Da Umberto Saba al Var: c’era una volta il fattore campo

C’era una volta il fattore campo. Le porte chiuse e il Var l’hanno ridotto a un cimelio. Eppure lo chiamavano il “dodicesimo giocatore”.

Stadio Maradona
Articolo di Roberto Beccantini17/01/2022

©️ “STADIO-MARADONA” – FOTO MOSCA

Il fattore campo. C’era una volta. Le porte chiuse e il Var aperto l’hanno ridotto a un cimelio. Eppure lo chiamavano il “dodicesimo giocatore”. Non utile o futile come un portiere di riserva. Molto di più: il titolare dei custodi e, possibilmente, invasato, invasivo. Del Grande Torino il Filadelfia fu arsenale e scrigno, epopea dell’epopea. Prendete lo Stadium della Juventus: era un fortino inespugnabile, è diventato un parco giochi in cui si divertono persino gli Empoli e i Sassuolo di turno, comitive che, ai tempi dei nove scudetti, venivano sistematicamente prese a calci nel sedere.

E il Diego Armando Maradona di fresco e romantico conio? Ci hanno vinto, in rapida successione, Atalanta (3-2), Empoli (1-0) e Spezia (1-0). Per tacere dell’ottavo di Coppa Italia: 5-2 per la Fiorentina. D’accordo: il Covid, gli infortuni, i rossi, il peso delle rose, tutto quello che volete, ma resta valido il distinguo di fondo. Le trasferte non sono più torture. E non solo da noi. Presentarsi al Bernabeu, negli anni Ottanta, era come salire sul patibolo. Tiravano biglie a Beppe Bergomi, senza che l’arbitro dicesse beo; annullavano gol validi a Lionello Manfredonia, senza che lo stesso arbitro – Bob Valentine, scozzese di Dundee – facesse una piega. Per vincere 2-0, l’Ajax allenato da Louis Van Gaal dovette farne quattro. Le rimonte, da quelle parti, si verificano ancora, ma nel Novecento erano ineluttabili, introdotte e scandite dal “miedo escenico” che Jorge Valdano elesse a simbolo fausto e fosco del Madridismo. Per essere franchi (e non più Franco).
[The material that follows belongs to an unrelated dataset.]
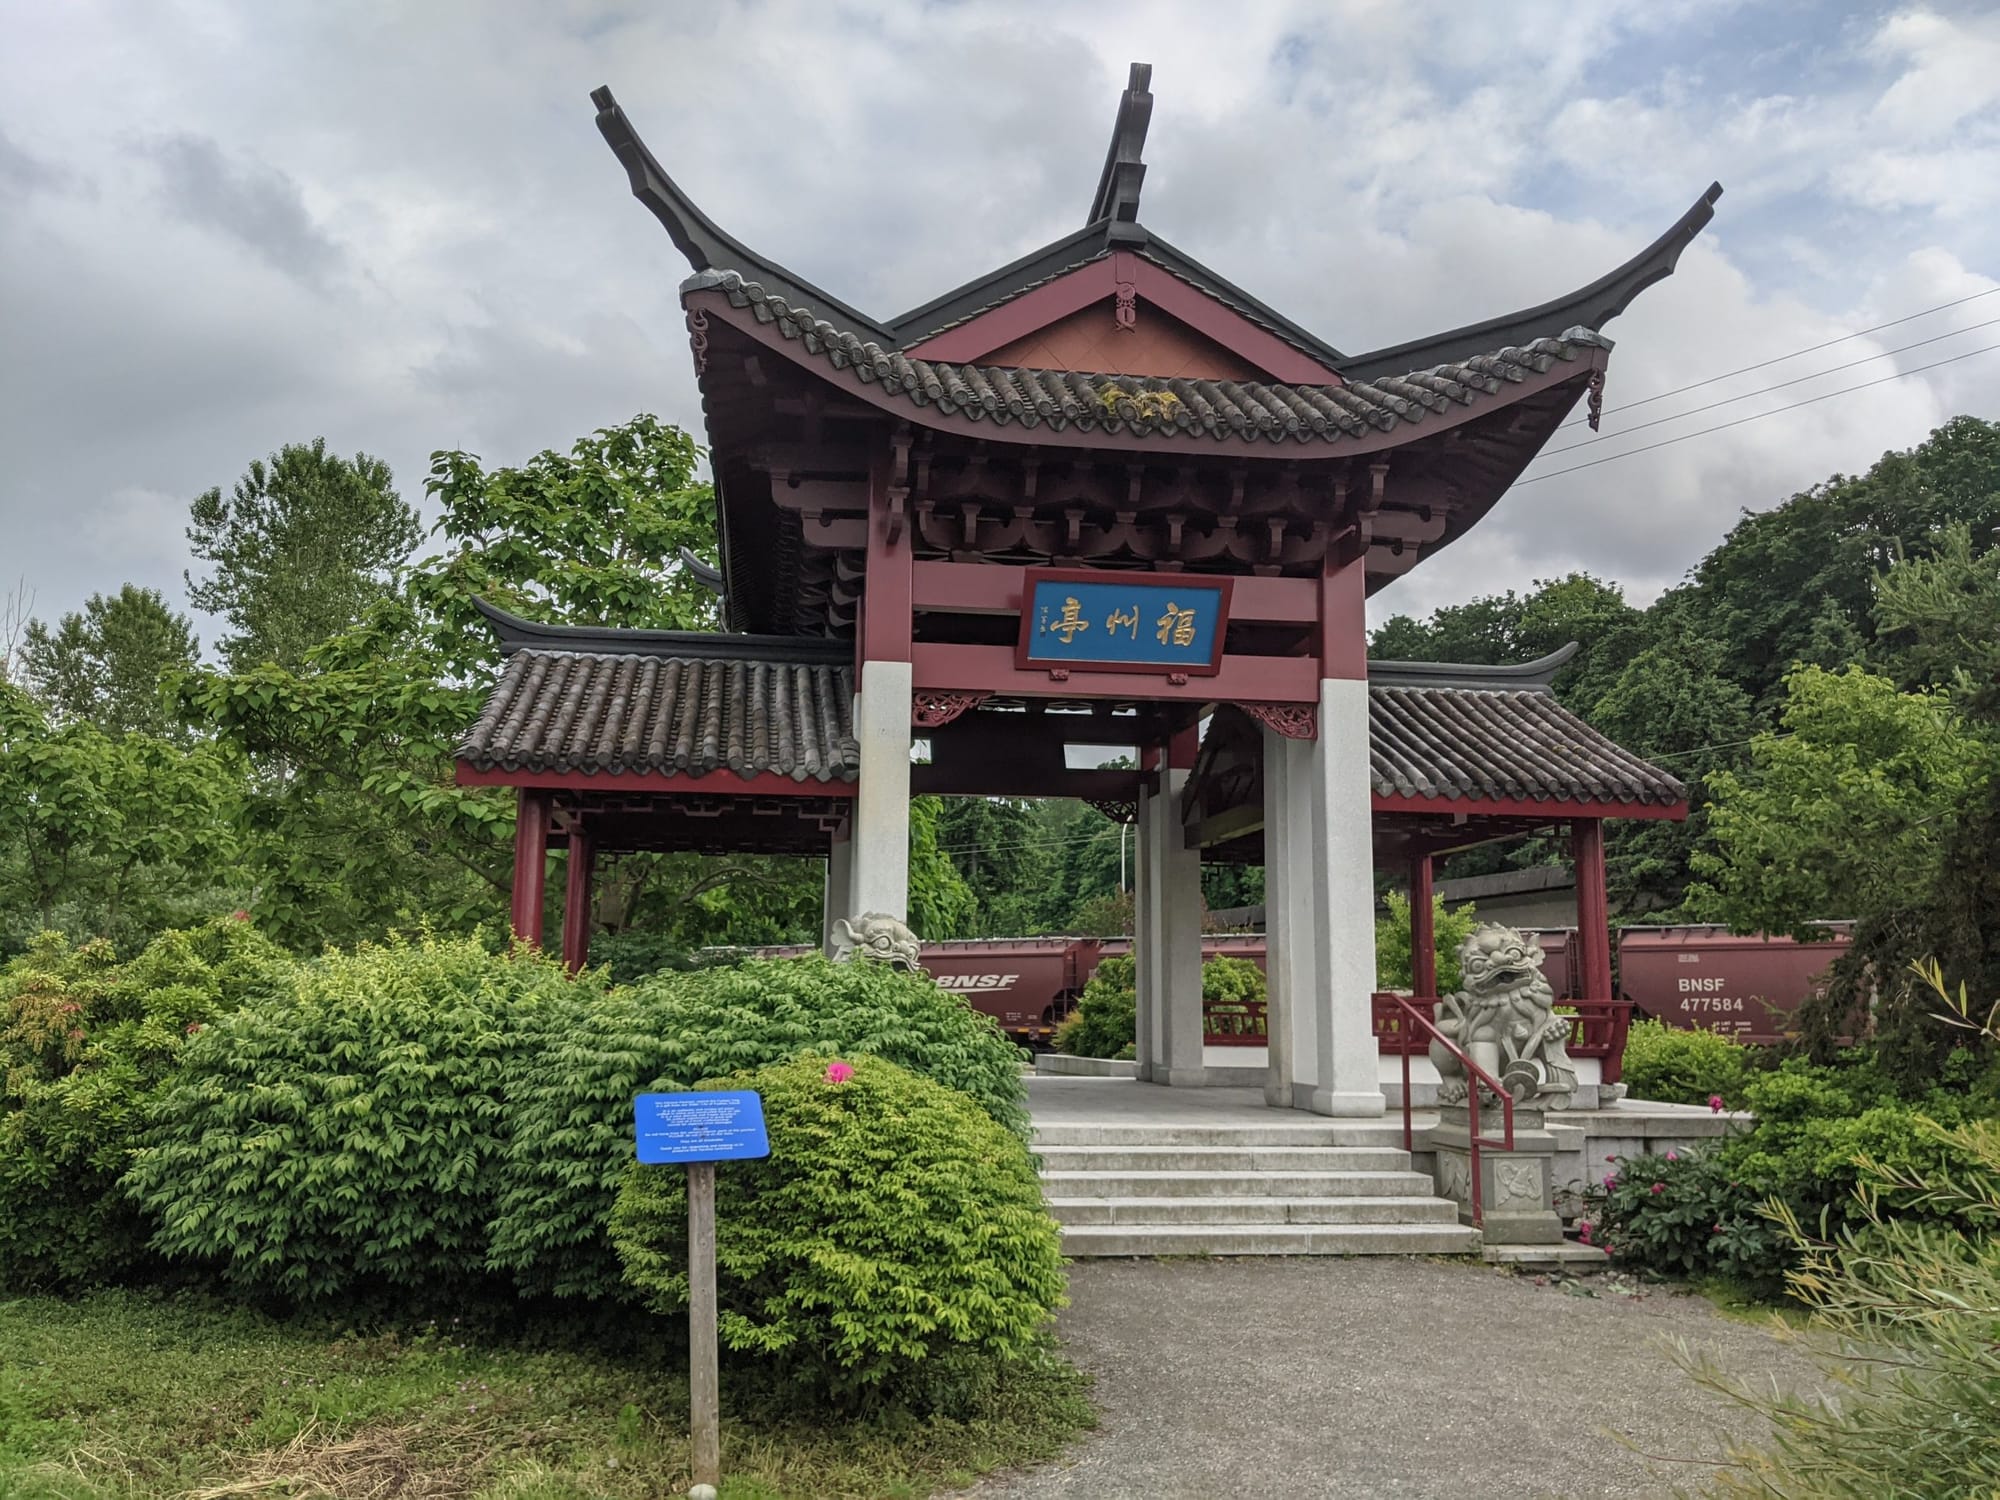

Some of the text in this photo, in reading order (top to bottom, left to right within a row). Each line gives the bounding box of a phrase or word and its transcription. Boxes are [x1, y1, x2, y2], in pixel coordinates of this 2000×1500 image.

[935, 974, 1020, 988] BNSF
[1678, 978, 1725, 993] BNSF
[1680, 997, 1744, 1012] 477584
Il concorso e il soccorso del video hanno contribuito a rendere meno graffiante la sudditanza psicologica: che resiste e persiste, per carità, pure in età tecnologica, ma con effetti meno sospetti, meno devastanti. Sono aumentati i rigori fuori casa, altro indizio da non trascurare. L’arbitro è un filo più tranquillo, la “moviola” lo assiste nel recuperare dal presente attimi che in passato lo avrebbero inchiodato ai processi orwelliani di Aldo Biscardi. I cortei al video aiutano, inoltre, a stemperare le tensioni, visto che le scelte più truci, se filtrate dallo schermo, vengono accettate e digerite, se non proprio condivise, anche dalla fazione più “trinariciuta”.

Lo “ius soli”, chiamiamolo così, non è più obeso come all’epoca di don Concetto (Lo Bello, tiranno di Siracusa). È più magro, più lotterisco. Si sono rovesciate le parti: tocca alla squadra di casa prenderlo per mano – con le sue forze, con il suo spirito, con il suo naso – memore dei privilegi che l’arena, zeppa di popolo e scarna d’intrusi robotici, le garantiva. Qua e là, il fattore campo tiene duro: penso all’Inter scudettata, per esempio, 8 vittorie 2 pareggi.

Allargando il discorso, chissà cosa capiterà nelle coppe europee ora che, a parità di reti, i gol segnati in trasferta non valgono più doppio. Chi ospita, in teoria, dovrebbe sentirsi più libero; e addirittura più carico, se e quando la pandemia gli restituirà le curve. La crudeltà del “vade retro” contamina la polvere d’archivio, mentre tracce di poesia affiorano dal devoto rimpianto di colossei che rendevano di ferro i cuori dei gladiatori-beniamini e, spesso, commuovevano l’imparzialità e i pollici dei Cesari.

Umberto Saba cantò la sua Triestina con la passione – innocente, profonda – del tifoso colto ma non per questo snob: “Trepido seguo il vostro gioco. Ignari esprimete con quello antiche cose meravigliose sopra il verde tappeto, all’aria, ai chiari soli d’inverno”. Senza che la bulimia del web si offenda.